Free-text object descriptions
——

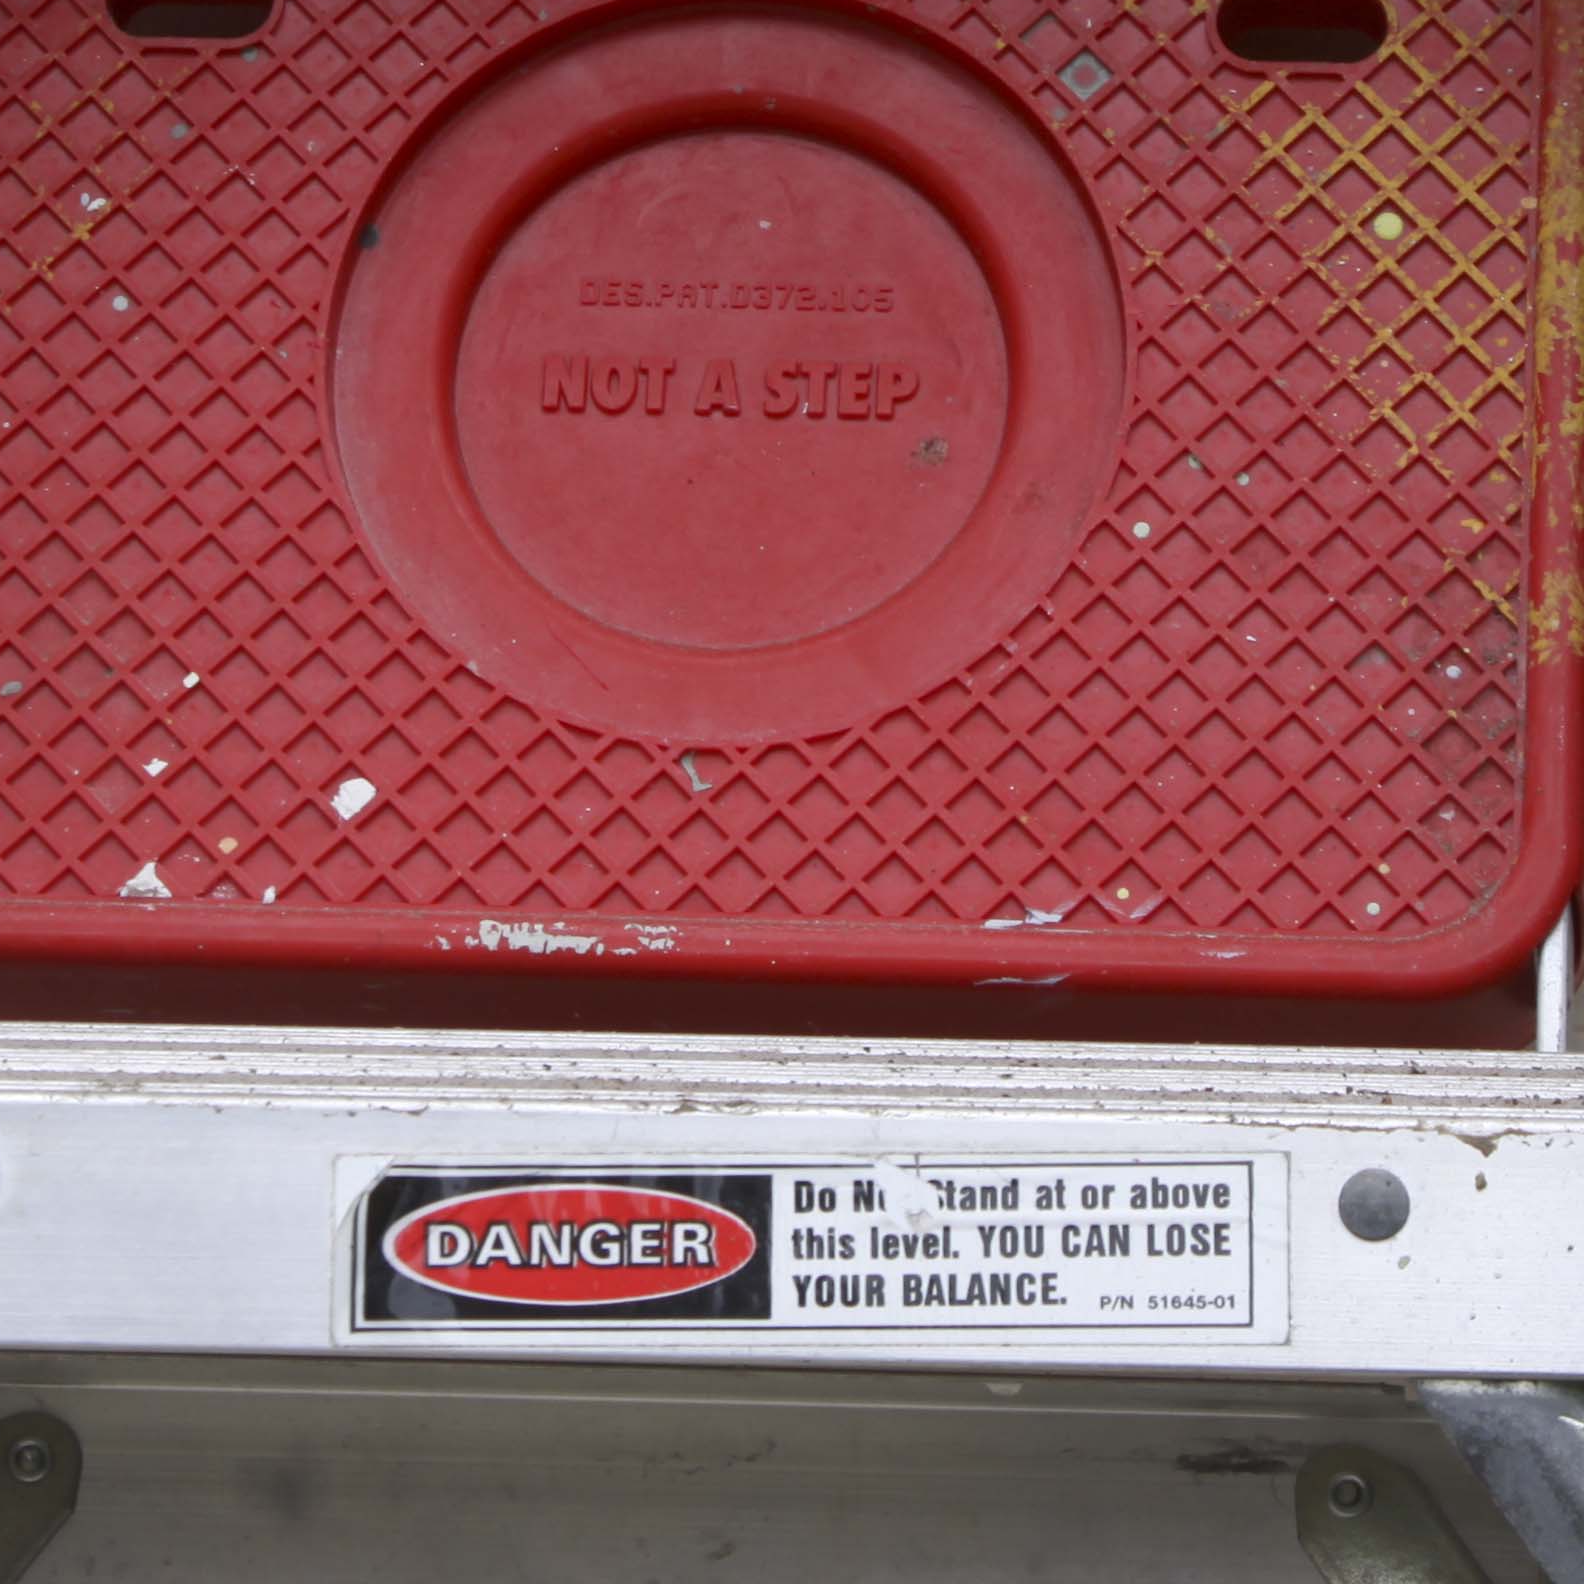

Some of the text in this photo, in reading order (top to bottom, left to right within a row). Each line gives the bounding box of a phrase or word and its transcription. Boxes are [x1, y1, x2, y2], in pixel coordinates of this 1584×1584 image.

[541, 356, 920, 421] NOT A STEP
[793, 1180, 837, 1214] Do
[1035, 1178, 1066, 1211] at
[1081, 1184, 1115, 1210] or
[1129, 1177, 1231, 1210] above
[426, 1220, 716, 1268] DANGER
[791, 1222, 1231, 1260] this level. YOU CAN LOSE
[792, 1272, 1067, 1308] YOUR BALANCE.
[1100, 1295, 1236, 1310] P/N 51645-01

——

A faithful copy of the records above is needed, with the pictures left out.

Some of the text in this photo, in reading order (top to bottom, left to right within a row). Each line gives the bounding box of a phrase or word and its transcription. Boxes are [x1, y1, x2, y2], in pixel coordinates of this 1584×1584 image.

[541, 356, 920, 421] NOT A STEP
[793, 1180, 837, 1214] Do
[1035, 1178, 1066, 1211] at
[1081, 1184, 1115, 1210] or
[1129, 1177, 1231, 1210] above
[426, 1220, 716, 1268] DANGER
[791, 1222, 1231, 1260] this level. YOU CAN LOSE
[792, 1272, 1067, 1308] YOUR BALANCE.
[1100, 1295, 1236, 1310] P/N 51645-01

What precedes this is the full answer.